(Beginning of THE INPUT)

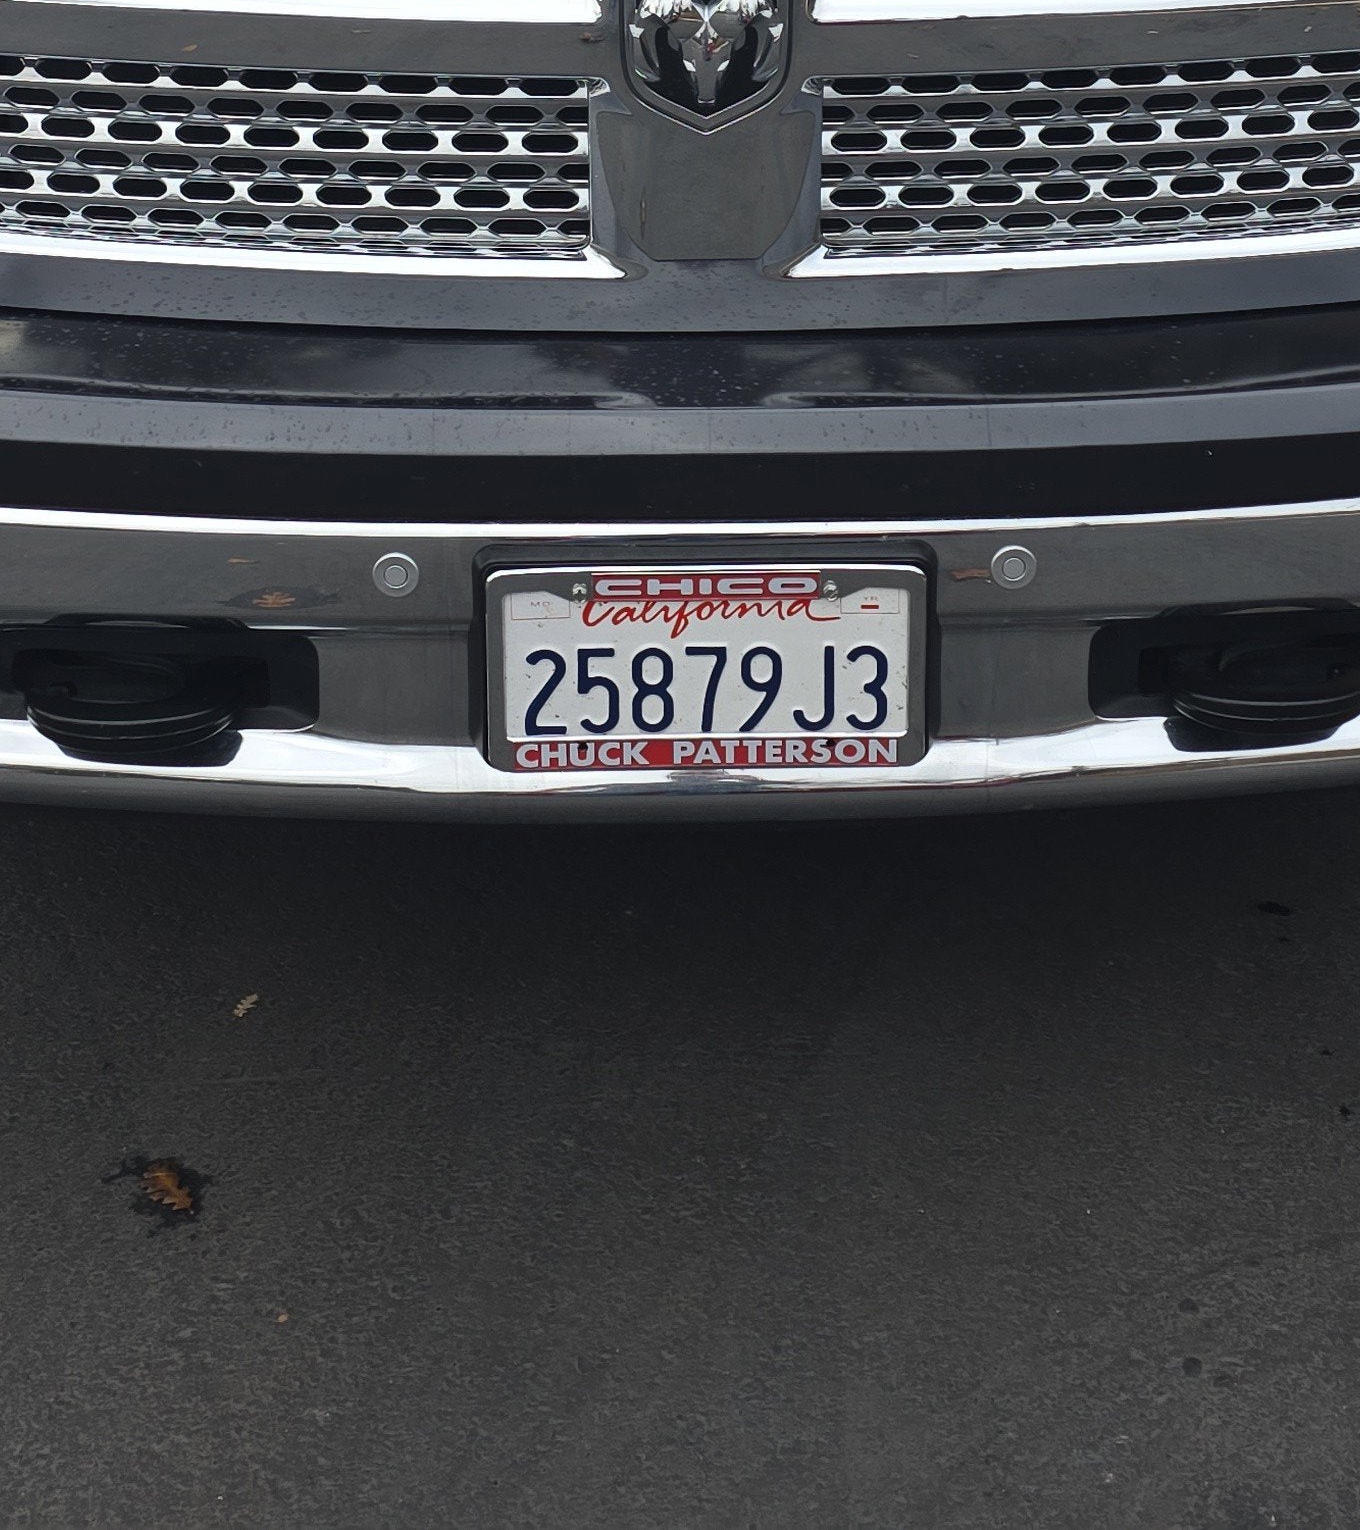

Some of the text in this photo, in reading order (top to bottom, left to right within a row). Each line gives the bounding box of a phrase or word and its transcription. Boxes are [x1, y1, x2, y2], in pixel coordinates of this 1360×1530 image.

(End of THE INPUT)
(Beginning of THE INPUT)

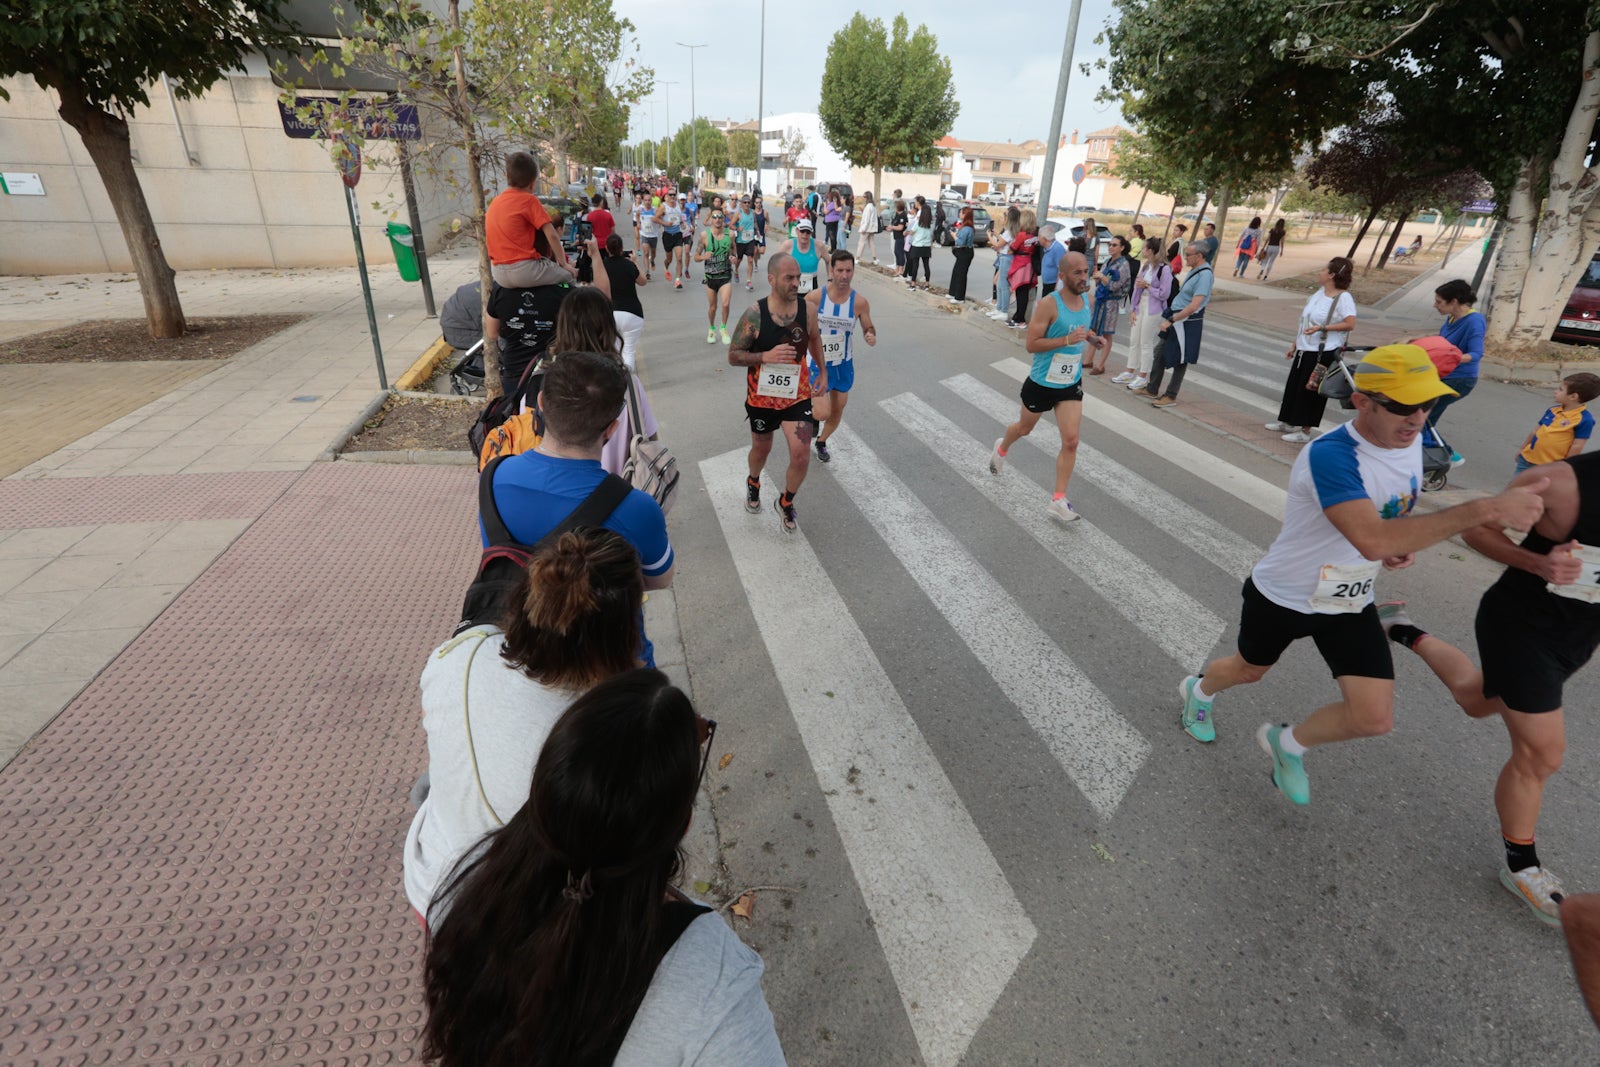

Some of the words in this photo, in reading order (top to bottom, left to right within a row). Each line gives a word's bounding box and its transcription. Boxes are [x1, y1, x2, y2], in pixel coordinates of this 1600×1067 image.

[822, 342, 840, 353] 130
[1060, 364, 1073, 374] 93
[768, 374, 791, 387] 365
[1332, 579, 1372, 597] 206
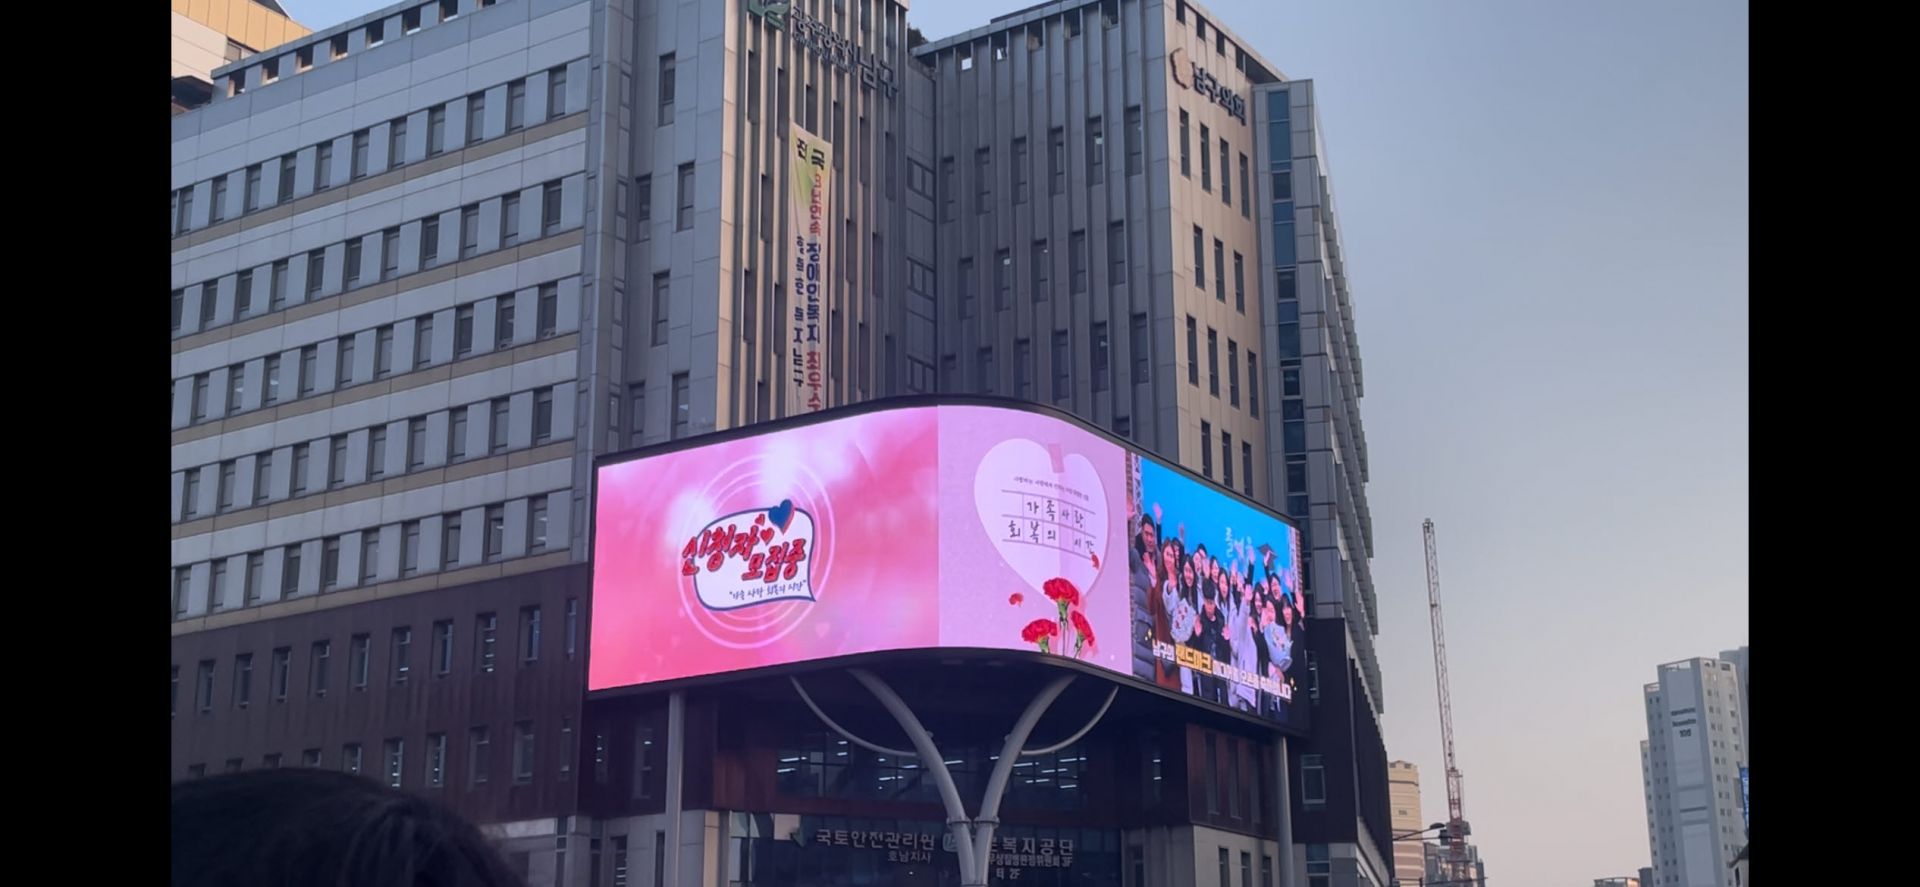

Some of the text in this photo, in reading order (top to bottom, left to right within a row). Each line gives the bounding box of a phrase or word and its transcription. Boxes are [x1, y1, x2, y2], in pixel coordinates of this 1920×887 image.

(End of THE INPUT)
(Beginning of THE INPUT)

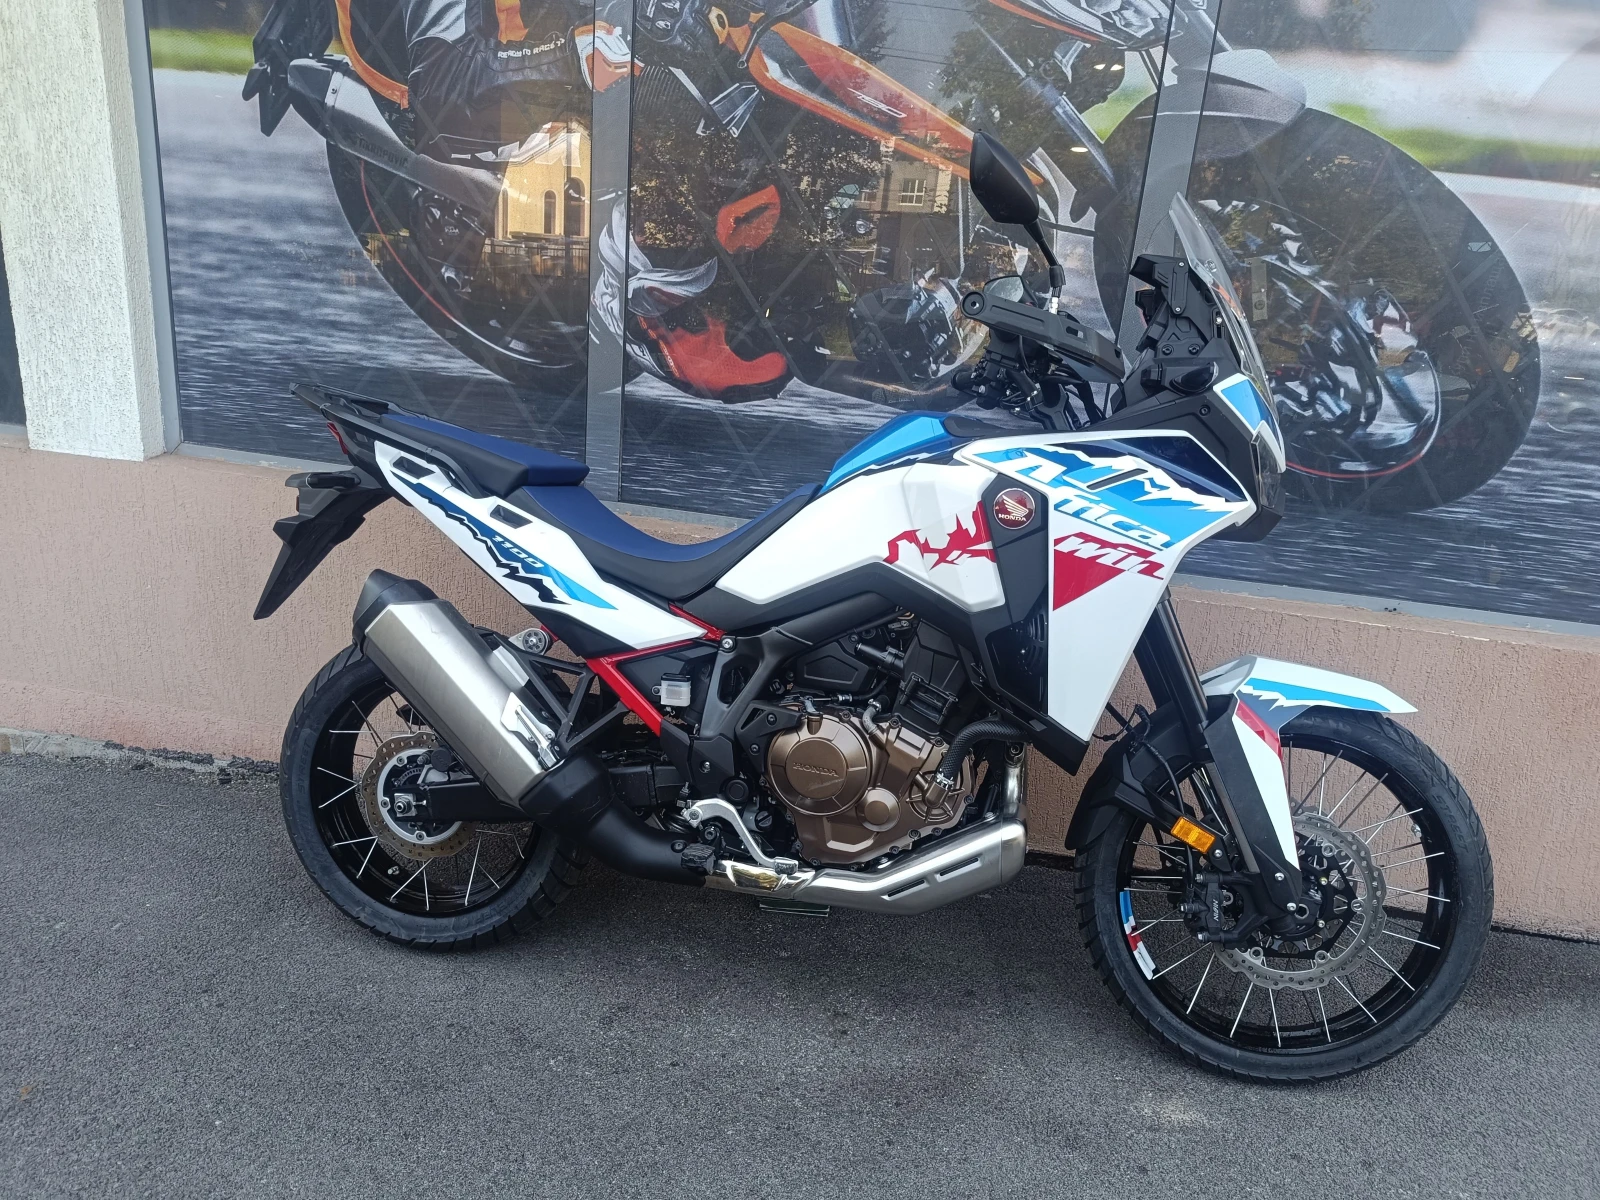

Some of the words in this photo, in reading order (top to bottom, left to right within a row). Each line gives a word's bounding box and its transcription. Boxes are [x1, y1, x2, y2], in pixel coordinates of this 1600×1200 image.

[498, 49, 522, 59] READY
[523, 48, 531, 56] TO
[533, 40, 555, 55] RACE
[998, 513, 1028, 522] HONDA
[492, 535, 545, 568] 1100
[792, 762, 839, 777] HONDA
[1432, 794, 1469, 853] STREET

(End of THE INPUT)

▶ **EXERCISE REQUIREMENTS**: Reproduce exactly the lines above starting at the line containing "this 1600×1067 image." and ending at the line containing "this 1920×887 image.", including both, but not the pictures.

▶ **SOLUTION FOR THIS EXERCISE**:
Some of the words in this photo, in reading order (top to bottom, left to right within a row). Each line gives a word's bounding box and its transcription. Boxes are [x1, y1, x2, y2], in pixel coordinates of this 1600×1067 image.

[822, 342, 840, 353] 130
[1060, 364, 1073, 374] 93
[768, 374, 791, 387] 365
[1332, 579, 1372, 597] 206

Some of the text in this photo, in reading order (top to bottom, left to right within a row). Each line gives the bounding box of a phrase or word and its transcription. Boxes are [x1, y1, x2, y2], in pixel coordinates of this 1920×887 image.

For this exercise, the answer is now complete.